– Чем он занимался?
– У него была блузочная фабрика. У всех тут швейные фабрики.
– Когда он покинул нас?
– Шесть лет тому.
– Тяжело такое пережить.
– Мне все еще трудно с этим смириться. Я пошла на поминальную службу, потом на кладбище. Вернулась домой и никогда больше не выходила.
– Что вы имеете в виду?
– Я не выхожу из дома. Только в сад и к самшитовой изгороди.
Гортензия пригубила вино. Наверное, это и есть психическое расстройство, на которое намекала Чача.
– А как же вы справляетесь?
– У меня добрые соседи. Они покупают мне все, что нужно, а священник приносит причастие. Люди обо мне заботятся.
– Вы когда-нибудь пытались выйти из дома?
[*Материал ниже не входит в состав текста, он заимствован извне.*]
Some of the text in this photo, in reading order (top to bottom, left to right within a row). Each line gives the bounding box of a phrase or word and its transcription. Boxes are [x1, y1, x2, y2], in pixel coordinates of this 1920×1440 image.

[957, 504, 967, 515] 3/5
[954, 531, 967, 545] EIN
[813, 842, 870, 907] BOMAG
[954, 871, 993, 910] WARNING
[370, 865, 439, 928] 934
– Не могу. Я пробовала. Даже купила билет на сегодняшний банкет. Когда я покупала его, то действительно верила, что пойду. Я даже спланировала, что надену. Если вы подниметесь в мою комнату, то увидите там голубое шифоновое платье, висящее на двери. Выходные туфли на коробке, чулки на комоде. Но чем ближе подходило время идти, тем сильнее я тревожилась. А потом, под вечер, вы постучали в дверь и сняли с меня эту тяжесть. Теперь мне не надо идти, потому что вы пришли ко мне.
– Можно, я открою вам секрет? Мне тоже не хочется идти туда.
– Вы, думаю, часто появляетесь на публике.
– Это становится утомительным. Если бы мне удалось навсегда избежать публичности, я была бы счастлива.
– Конечно, это зависит от миссис Рузвельт. Гортензия, если бы вы смогли прожить жизнь сначала, что бы вы сделали иначе?
– Все.
Минна засмеялась.
– Нет, серьезно. В жизни было немало хорошего. Но я бы пошла другой дорогой.